Третий, бывший топ угольно-металлургической компании — ныне собственник шахт на Сахалине, — твердил, что о безопасности хозяева задумались, лишь когда биржевая цена на уголь начала расти.
Все трое повторили как заклинание одну и ту же фразу: «Если хотите узнать, как по уму организовывать безопасную добычу, езжайте на “Распадскую”».

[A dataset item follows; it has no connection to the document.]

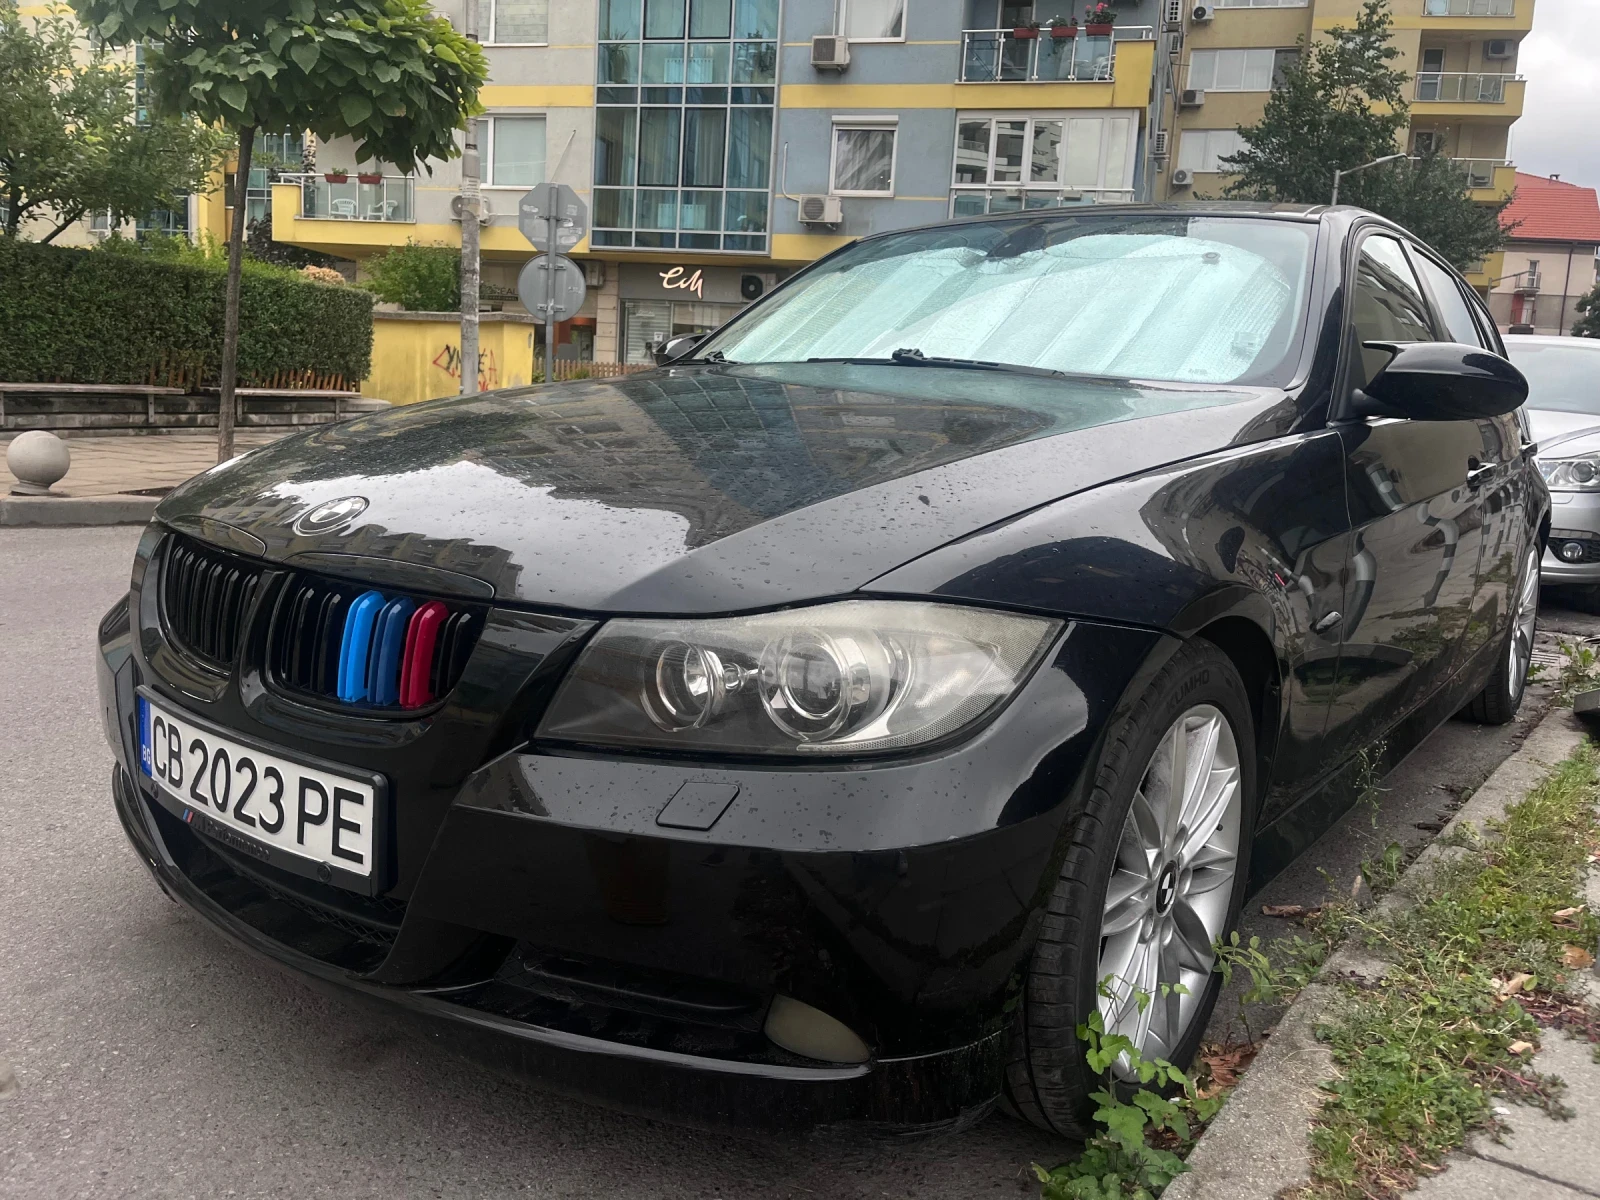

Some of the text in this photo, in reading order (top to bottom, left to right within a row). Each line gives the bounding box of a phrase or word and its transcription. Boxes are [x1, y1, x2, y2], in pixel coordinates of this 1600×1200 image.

История этой компании, владеющей шахтами в Горной Шории (стык Саян и Алтая), обладает привкусом очерка о правильной советской карьере. Два бывших шахтера «Распадской» — Геннадий Козовой и Александр Вагин — прошли путь с низших специальностей до мастеров, а оттуда в замдиректора и в 90-х получили контроль над предприятием. Судя по воспоминаниям очевидцев, ваучеры на водку они не меняли и приватизировали шахту достойно, без обмана и бандитизма. С точки зрения производства они ничего не изобретали: упорно тянули новые лавы, не давая помереть проходческому подразделению, модернизировали шахту и выстроили устойчивый к капризам металлургов сбыт. В августе 2008 года личное состояние каждого оценивалось под полтора миллиарда долларов.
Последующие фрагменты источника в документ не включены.